Não me esqueço de antigos chefes que conheci que me diziam: - Não faça se eles podem fazer; Deixo-os caminhar com as próprias pernas, ensine aos lideres e os lideres que se virem com os demais, desde é claro que seu olho passeia nos tempos de antes e no depois. Não gosto de magoar e nem mostrar que sou um professor. Sinceramente sou um zero a esquerda pedagogicamente. Gosto do velho mote Badeniano: - “Só se aprender a fazer fazendo”. Estes supimpas inventores da metodologia moderna precisam ver para crer... Se deu certo! Piso no meu direito com o esquerdo (quase caio ao chão), fazer experimentos com jovens? E se der errado? De quem é a culpa? Alguém será levado aos tribunais da razão?

Não adianta, abro uma página lá está o chefão, abro outra e lá vem muitos chefões. Bolas! E as fotos dos jovens? Eles existem ou não existem? Tem fotos de acampamentos, atividades mil, um sorriso, uma vontade de dizer: “Amo você escotismo”, afinal só os adultos de hoje sabem o que é melhor para os jovens? Nem me venha com seminários, Indabas, assembleias para discutir sobre eles se não se dignaram a ouvi-lo se é isto que eles querem. Nem vou falar do sonho escoteiro, do herói da selva, dos bandeirantes exploradores do Brasil.
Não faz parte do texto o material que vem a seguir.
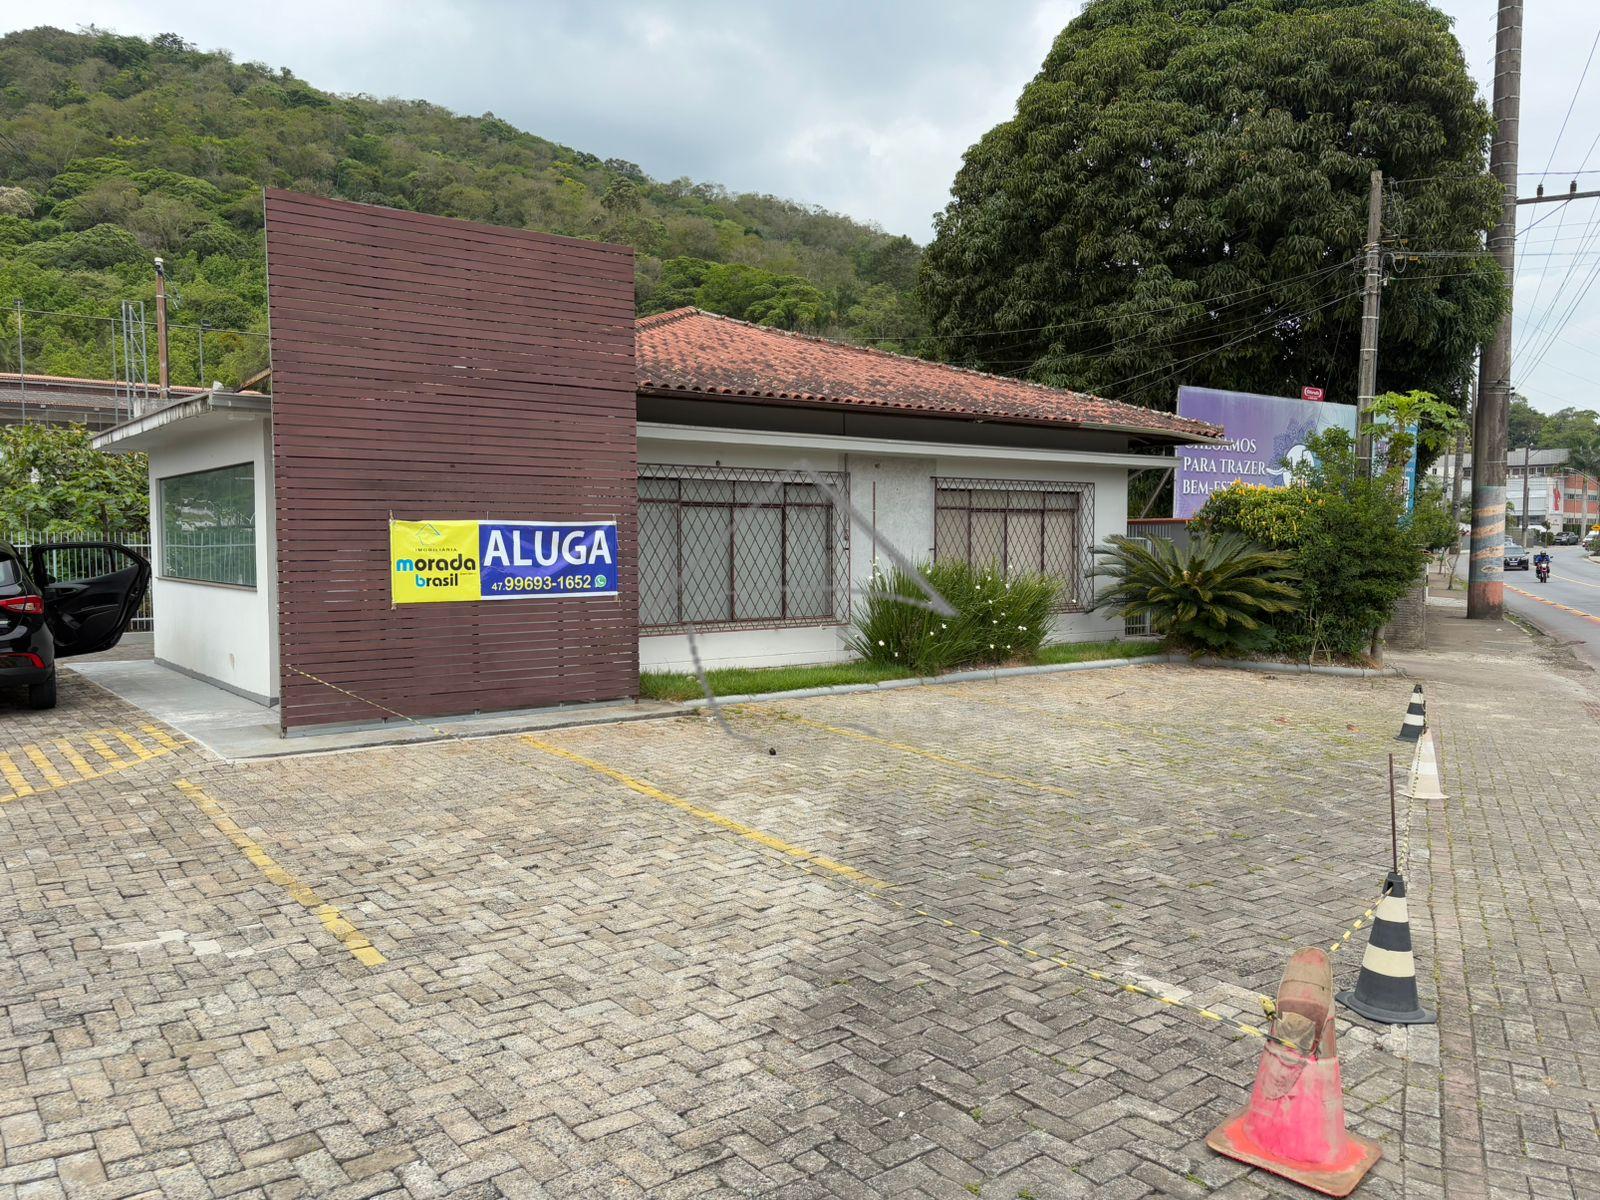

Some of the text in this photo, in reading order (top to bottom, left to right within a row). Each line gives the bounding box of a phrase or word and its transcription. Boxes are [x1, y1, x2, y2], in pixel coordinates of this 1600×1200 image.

Nem vou falar que eles ainda entram no escotismo esperando ter voz, aprender fazendo, morando na floresta, sorrindo, batendo pratos, lavando panelas, pulando no riacho e gritando a Deus e ao Mundo! – “Isto é bom demais”.

Mas sei que vem o retorno. Irão dizer que estou velho, esclerosado, que estou enganado e que meu escotismo não foi melhor. Engano sei que hoje muitos acham que o seu é o melhor. Agora eu só pergunto quantos jovens você tem em sua alcateia, sua tropa escoteira, sua tropa sênior com pouca evasão? Quantos alcançaram o Cruzeiro do Sul, o Lis de Ouro, o Escoteiro da Pátria e a Insígnia de BP? Quantos pergunto, e não é um ou dois por ano, pois isto é minoria. Temos aqui nas redes sociais um plêiade de bons chefes, que demonstram seus conhecimentos nas diversas duvidas que surgem, alguns eruditos no que diz BP em seus alfarrábios, será que toda essa sabedoria tem lugar em suas sessões?  

Como dizia o humorista João Canabrava, fecho a conta e passo a régua. Paro por aqui. Não antes de ler Sêneca que na calada da noite na subida do Pico dos Marins bateu nas minhas cotas e disse: - Vado Escoteiro, quando a velhice chegar, aceita-a, ama-a. Ela é abundante em prazeres se souberes amá-la. Os anos que vão gradualmente declinando estão entre os mais doces da vida de um homem. Mesmo quando tenha alcançado o limite extremo dos caos, estes ainda reservam prazeres. E viva Marco Aurélio, que ninguém sabe onde foi e onde agora deve morar!